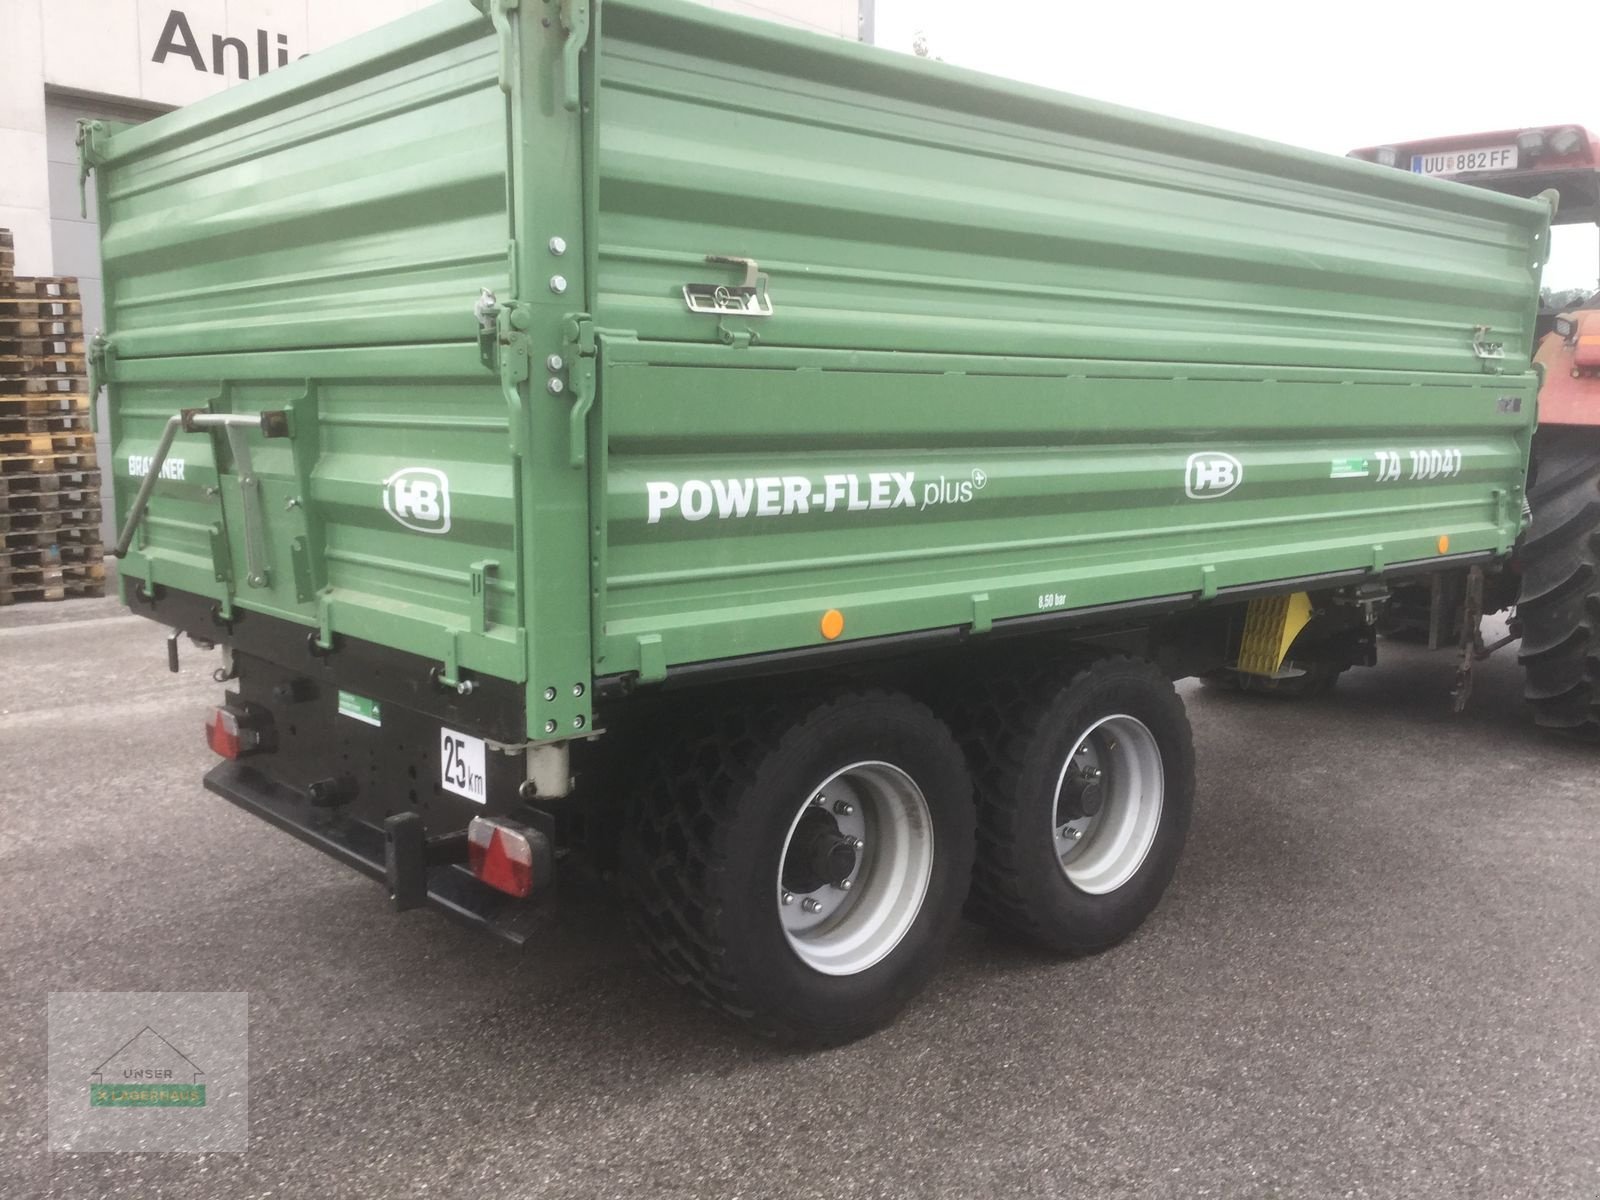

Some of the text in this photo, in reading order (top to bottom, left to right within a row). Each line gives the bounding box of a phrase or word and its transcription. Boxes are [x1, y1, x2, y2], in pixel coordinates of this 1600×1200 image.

[151, 9, 311, 80] Anli
[128, 455, 185, 480] BRANER
[1374, 451, 1400, 482] TA
[646, 471, 917, 523] POWER-FLEX
[444, 735, 483, 795] 25 km

- _Work order_:
What you return must match the records above exactly, minus any images.

- _Task result_:
Some of the text in this photo, in reading order (top to bottom, left to right within a row). Each line gives the bounding box of a phrase or word and its transcription. Boxes are [x1, y1, x2, y2], in pixel coordinates of this 1600×1200 image.

[151, 9, 311, 80] Anli
[128, 455, 185, 480] BRANER
[1374, 451, 1400, 482] TA
[646, 471, 917, 523] POWER-FLEX
[444, 735, 483, 795] 25 km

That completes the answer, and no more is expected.